In order to reduce muscle atrophy and to improve musculocutaneous vascularization during this phase, they are trained to carefully massage their face. In addition, patients are taught compensatory techniques to help them in their activities of daily living and esthetic camouflage in an attempt to both reduce their disability and improve their social participation Coulter and May, ; Dalla Toffola et al.
During the next phase, at the first signs of reinnervation, patients, using mirror feedback, need to learn which tongue positions thrust against teeth or palate produce the desired facial expressions. At first, they need to use a strong tongue thrust to achieve static and dynamic facial symmetry. To help them memorize the correct position and strength of tongue thrust, they are told to repeat the movement several times a day. As reinnervation improves, the tongue thrust does not have to be so strong in order to achieve symmetry.
At this point the patients are taught to use mirror visual feedback to dose the strength of tongue thrust necessary to achieve symmetry of muscle contraction between the reinnervated and the healthy side and to prevent the onset of synkinesis. Once patients have mastered static symmetry, they need to improve dynamic symmetry.
To do this they must learn how to produce a voluntary smile; again they need to use a mirror, dosing the strength of their tongue thrust and repeating the movement several times a day. The same process is then used to learn other voluntary movements such as snarling and lip puckering.
If eye-mouth synkinesis occurs, patients are told to reduce the strength of their tongue thrust. Through repetition of these exercises the movements become automatic, i. The median HB score at different time points was compared using the Friedman test. For post-hoc comparisons, the exact McNemar test was used, as well as a test for linear trend of the log-relative risk to exploit the ordinal nature of the score.
Finally, the Spearman test was used to identify variables associated with the HB grade at 36 months. Results Thirty patients were included in the study. Reinnervation occurred in 29 patients, on average at 5. Only one patient, whose palsy was caused by a brain hemorrhage, did not show signs of reinnervation after the surgery. The first rehabilitation assessment took place on average 5. Eighteen patients had hypoacusis, due to the removal of a neuroma of the eighth cranial nerve in 16 patients, and to an expansive lesion in two.
To prevent eye complications related to incomplete eyelid closure, eight patients had gold weight implants and six patients had undergone tarsorrhaphy.

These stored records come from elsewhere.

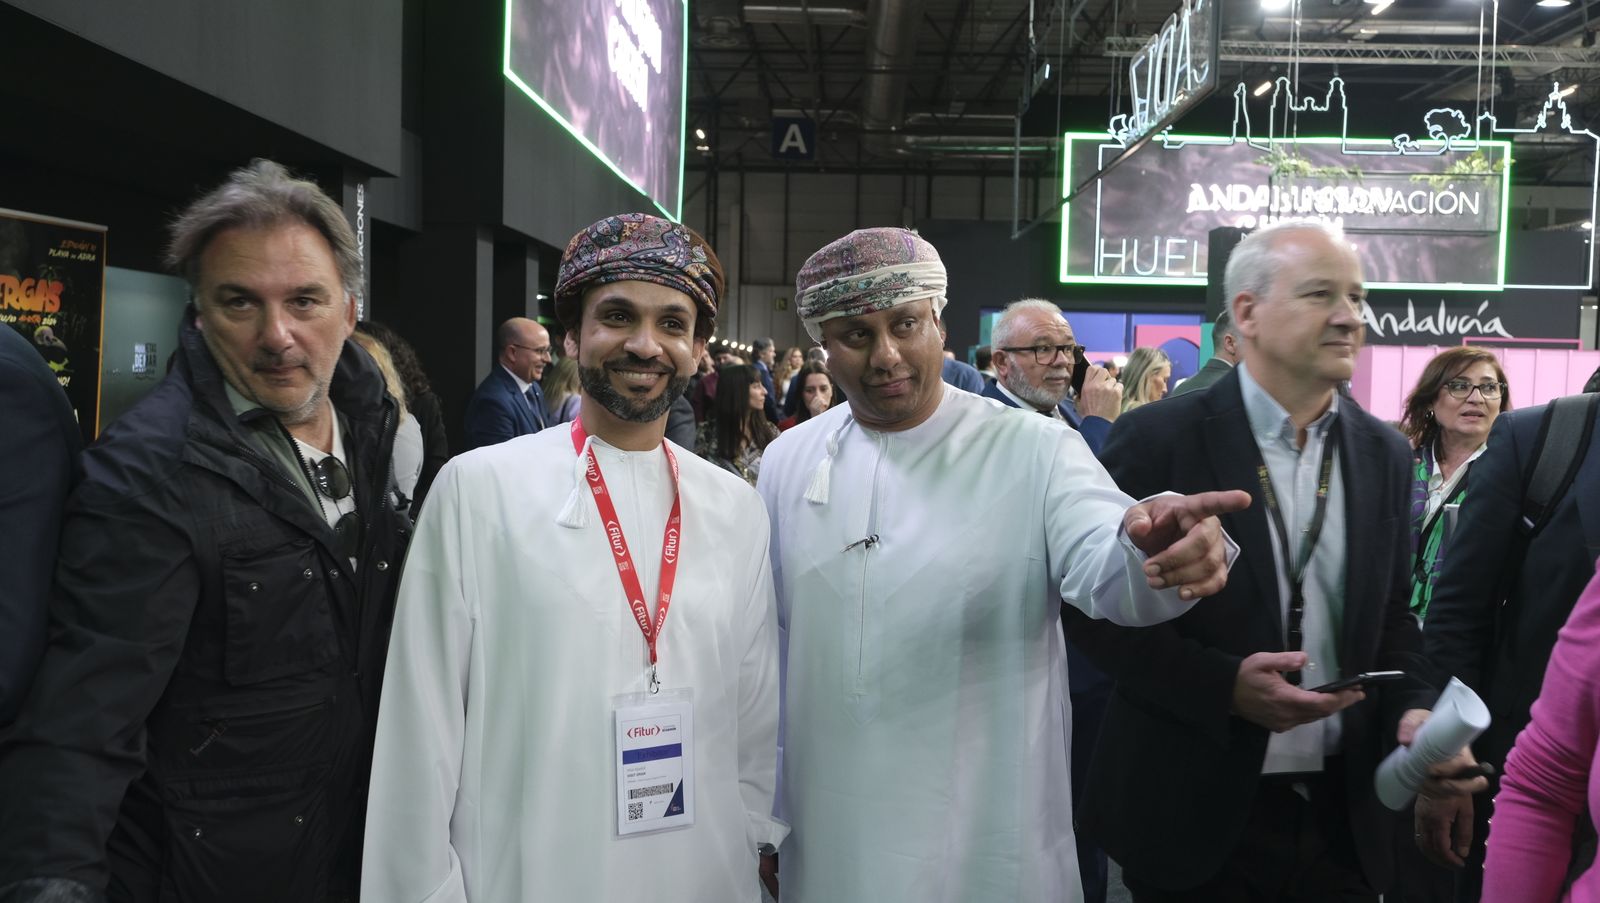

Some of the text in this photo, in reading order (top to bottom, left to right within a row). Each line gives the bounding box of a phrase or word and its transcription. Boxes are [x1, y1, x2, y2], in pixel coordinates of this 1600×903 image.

[778, 123, 808, 154] A
[1360, 299, 1514, 339] Andalucía
[608, 526, 624, 550] Fitur
[664, 534, 678, 557] Fitur
[634, 606, 649, 631] Fitur
[634, 726, 655, 738] Fitur
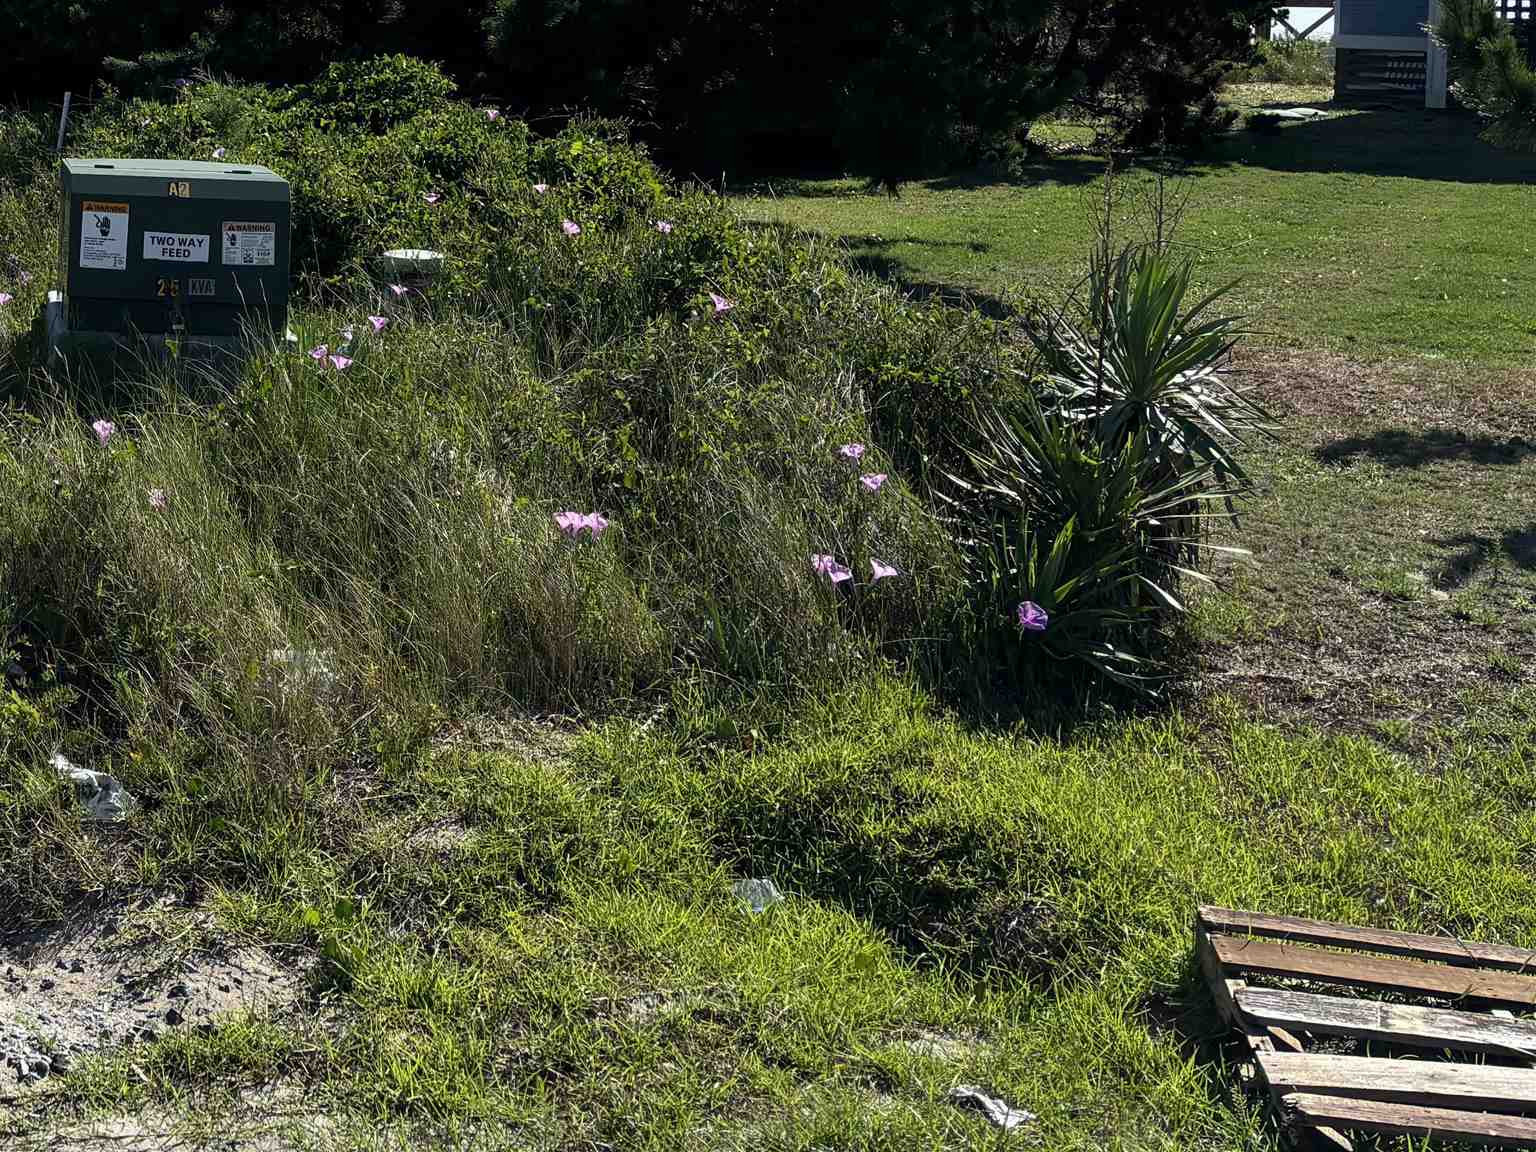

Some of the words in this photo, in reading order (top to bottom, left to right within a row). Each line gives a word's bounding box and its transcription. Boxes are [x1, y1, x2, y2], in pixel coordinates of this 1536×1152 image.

[236, 224, 271, 232] WARNING
[150, 236, 175, 247] TWO
[178, 237, 205, 248] WAY
[161, 248, 191, 259] FEED

Four patients had dysphagia, 11 complained of lachrymation disorders, and nine had ataxia. During the rehabilitation period, 29 patients showed clinical improvement as revealed by the HB grading system.

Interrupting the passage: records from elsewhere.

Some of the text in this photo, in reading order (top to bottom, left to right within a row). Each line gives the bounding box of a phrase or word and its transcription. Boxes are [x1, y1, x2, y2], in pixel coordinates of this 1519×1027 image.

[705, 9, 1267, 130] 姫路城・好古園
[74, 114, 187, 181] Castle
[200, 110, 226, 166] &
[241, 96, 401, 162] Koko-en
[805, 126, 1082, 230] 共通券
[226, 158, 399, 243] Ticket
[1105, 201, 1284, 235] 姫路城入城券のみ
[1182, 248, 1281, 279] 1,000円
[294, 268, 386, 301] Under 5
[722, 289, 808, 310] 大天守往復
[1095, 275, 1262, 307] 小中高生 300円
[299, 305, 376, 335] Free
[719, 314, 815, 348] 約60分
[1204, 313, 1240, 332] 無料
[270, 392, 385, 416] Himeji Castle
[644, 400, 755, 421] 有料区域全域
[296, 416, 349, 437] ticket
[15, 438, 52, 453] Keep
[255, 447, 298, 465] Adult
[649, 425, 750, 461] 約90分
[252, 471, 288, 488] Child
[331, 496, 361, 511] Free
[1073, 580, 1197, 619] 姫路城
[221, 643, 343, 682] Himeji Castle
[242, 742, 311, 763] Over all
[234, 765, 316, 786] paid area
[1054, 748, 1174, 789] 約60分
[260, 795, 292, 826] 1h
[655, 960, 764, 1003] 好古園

FACIAL HYPOGLOSSAL ANASTOMOSIS PDF
Enhancing facial appearance with cosmetic camouflage. End-to-side intrapetrous hypoglossal—facial anastomosis for reanimation of the face Both the jump graft technique and the intratemporal hemihypoglossal—facial attachment described by other authors Table 2 entail the interruption of approximately one half of the hypoglossal nerve to attach the recipient facial nerve. Fourteen patients developed mild synkinesis involving contraction of the orbicularis oculi muscle on activation of the orbicularis oris, zigomaticus major and risorius muscles; two such cases were treated with botulinum toxin injections Dalla Toffola et al. Efficacy of feedback training in long-standing facial nerve paresis. Noticeable, however, is the fact that the orbicularis oculi muscle is also reinnervated. If eye-mouth synkinesis occurs, patients are told to reduce the strength of their tongue thrust. Ensuring accuracy of this maneuver is of paramount importance to avoid tension at the level of the suture.